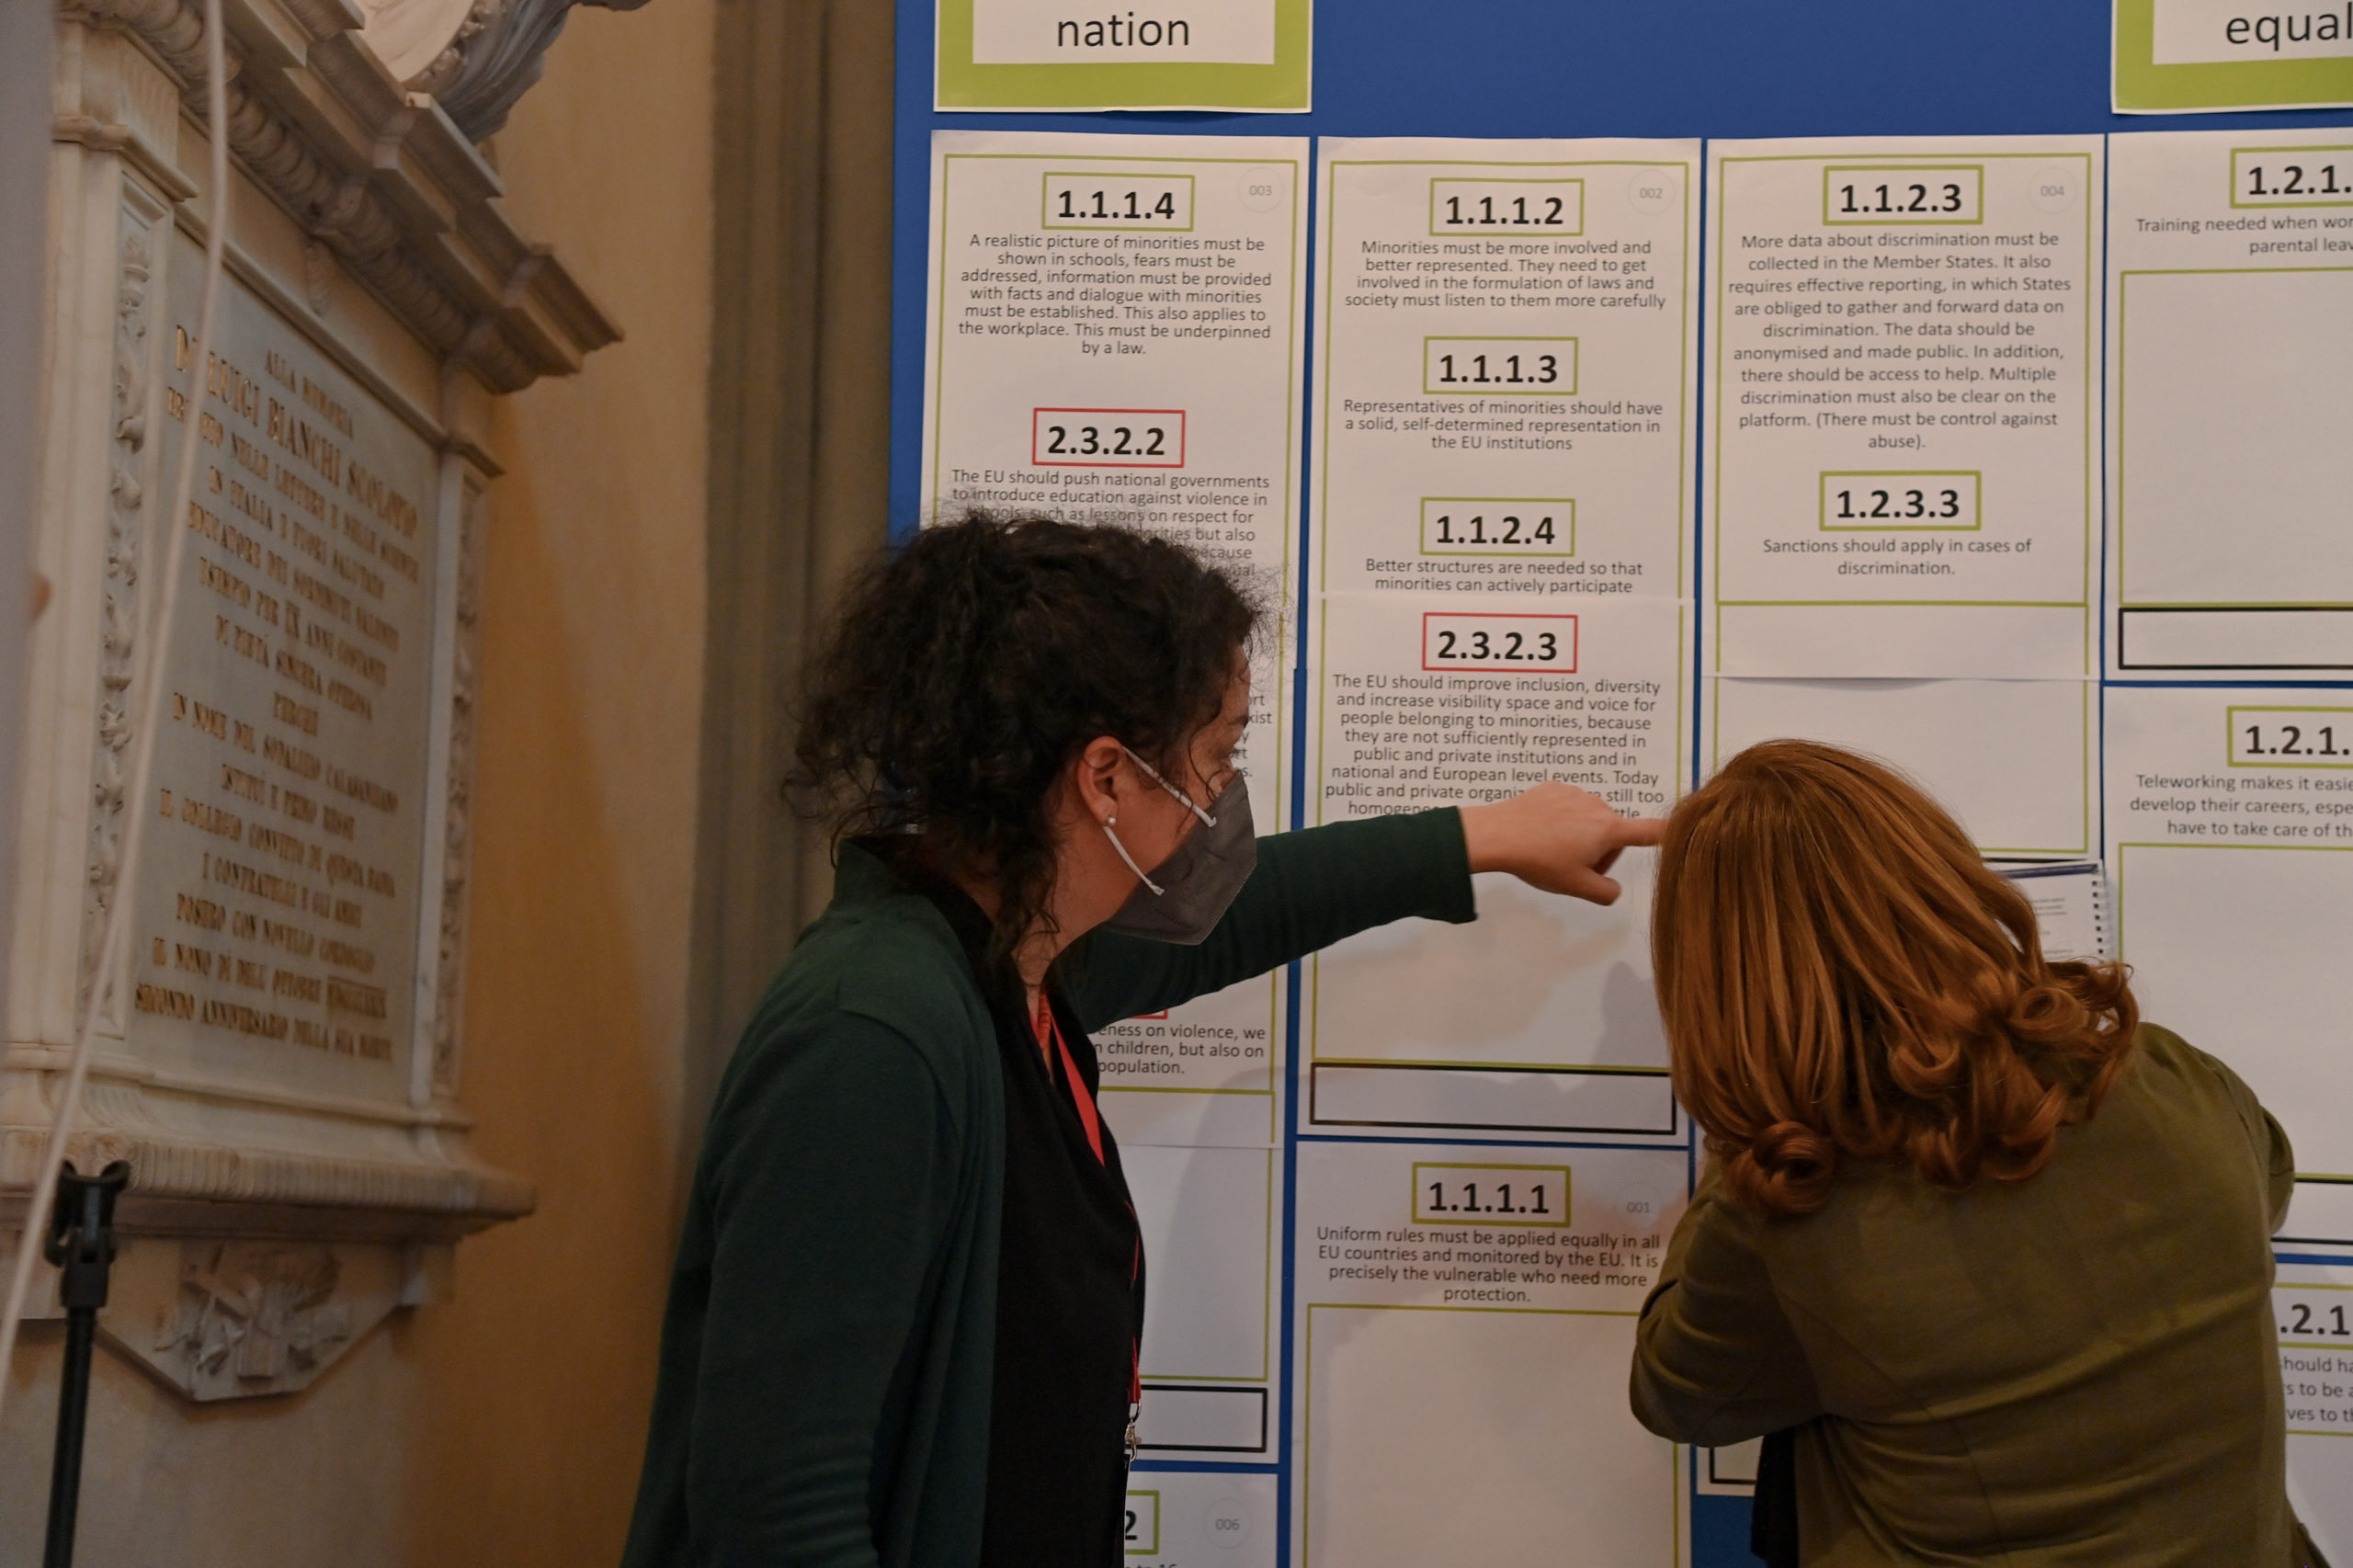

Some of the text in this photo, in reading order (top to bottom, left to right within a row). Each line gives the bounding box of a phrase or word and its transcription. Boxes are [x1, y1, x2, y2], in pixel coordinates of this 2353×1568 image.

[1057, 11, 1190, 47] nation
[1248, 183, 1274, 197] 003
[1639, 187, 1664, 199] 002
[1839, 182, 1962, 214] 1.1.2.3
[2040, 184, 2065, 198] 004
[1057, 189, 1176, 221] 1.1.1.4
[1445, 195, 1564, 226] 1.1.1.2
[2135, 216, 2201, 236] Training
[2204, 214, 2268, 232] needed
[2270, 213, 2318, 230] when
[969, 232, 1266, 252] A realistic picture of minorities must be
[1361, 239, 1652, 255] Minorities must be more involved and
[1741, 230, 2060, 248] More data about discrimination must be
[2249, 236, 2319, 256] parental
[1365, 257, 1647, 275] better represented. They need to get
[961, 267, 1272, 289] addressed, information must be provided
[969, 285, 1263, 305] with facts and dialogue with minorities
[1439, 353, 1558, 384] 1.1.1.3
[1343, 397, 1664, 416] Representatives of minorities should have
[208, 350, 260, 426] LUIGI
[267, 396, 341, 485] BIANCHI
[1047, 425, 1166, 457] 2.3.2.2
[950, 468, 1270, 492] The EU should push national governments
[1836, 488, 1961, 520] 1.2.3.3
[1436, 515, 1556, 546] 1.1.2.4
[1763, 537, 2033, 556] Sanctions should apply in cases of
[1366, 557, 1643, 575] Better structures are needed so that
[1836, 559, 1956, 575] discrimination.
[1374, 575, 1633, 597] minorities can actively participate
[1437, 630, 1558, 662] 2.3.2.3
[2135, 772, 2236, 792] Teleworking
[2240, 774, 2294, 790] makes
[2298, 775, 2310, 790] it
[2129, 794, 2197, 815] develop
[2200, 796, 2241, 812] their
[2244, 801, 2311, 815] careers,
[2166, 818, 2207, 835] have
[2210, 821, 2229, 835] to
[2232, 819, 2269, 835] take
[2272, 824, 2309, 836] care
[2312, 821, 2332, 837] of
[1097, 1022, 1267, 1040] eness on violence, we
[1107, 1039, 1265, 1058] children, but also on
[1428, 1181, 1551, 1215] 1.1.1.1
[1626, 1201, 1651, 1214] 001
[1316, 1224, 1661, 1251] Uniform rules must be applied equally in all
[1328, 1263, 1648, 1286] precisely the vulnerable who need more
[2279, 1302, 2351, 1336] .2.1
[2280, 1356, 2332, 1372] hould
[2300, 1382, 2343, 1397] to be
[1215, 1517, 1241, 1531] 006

-- Task to complete --
Give back the full listing word for word, with the pictures left out.

-- Task answer --
Some of the text in this photo, in reading order (top to bottom, left to right within a row). Each line gives the bounding box of a phrase or word and its transcription. Boxes are [x1, y1, x2, y2], in pixel coordinates of this 2353×1568 image.

[1057, 11, 1190, 47] nation
[1248, 183, 1274, 197] 003
[1639, 187, 1664, 199] 002
[1839, 182, 1962, 214] 1.1.2.3
[2040, 184, 2065, 198] 004
[1057, 189, 1176, 221] 1.1.1.4
[1445, 195, 1564, 226] 1.1.1.2
[2135, 216, 2201, 236] Training
[2204, 214, 2268, 232] needed
[2270, 213, 2318, 230] when
[969, 232, 1266, 252] A realistic picture of minorities must be
[1361, 239, 1652, 255] Minorities must be more involved and
[1741, 230, 2060, 248] More data about discrimination must be
[2249, 236, 2319, 256] parental
[1365, 257, 1647, 275] better represented. They need to get
[961, 267, 1272, 289] addressed, information must be provided
[969, 285, 1263, 305] with facts and dialogue with minorities
[1439, 353, 1558, 384] 1.1.1.3
[1343, 397, 1664, 416] Representatives of minorities should have
[208, 350, 260, 426] LUIGI
[267, 396, 341, 485] BIANCHI
[1047, 425, 1166, 457] 2.3.2.2
[950, 468, 1270, 492] The EU should push national governments
[1836, 488, 1961, 520] 1.2.3.3
[1436, 515, 1556, 546] 1.1.2.4
[1763, 537, 2033, 556] Sanctions should apply in cases of
[1366, 557, 1643, 575] Better structures are needed so that
[1836, 559, 1956, 575] discrimination.
[1374, 575, 1633, 597] minorities can actively participate
[1437, 630, 1558, 662] 2.3.2.3
[2135, 772, 2236, 792] Teleworking
[2240, 774, 2294, 790] makes
[2298, 775, 2310, 790] it
[2129, 794, 2197, 815] develop
[2200, 796, 2241, 812] their
[2244, 801, 2311, 815] careers,
[2166, 818, 2207, 835] have
[2210, 821, 2229, 835] to
[2232, 819, 2269, 835] take
[2272, 824, 2309, 836] care
[2312, 821, 2332, 837] of
[1097, 1022, 1267, 1040] eness on violence, we
[1107, 1039, 1265, 1058] children, but also on
[1428, 1181, 1551, 1215] 1.1.1.1
[1626, 1201, 1651, 1214] 001
[1316, 1224, 1661, 1251] Uniform rules must be applied equally in all
[1328, 1263, 1648, 1286] precisely the vulnerable who need more
[2279, 1302, 2351, 1336] .2.1
[2280, 1356, 2332, 1372] hould
[2300, 1382, 2343, 1397] to be
[1215, 1517, 1241, 1531] 006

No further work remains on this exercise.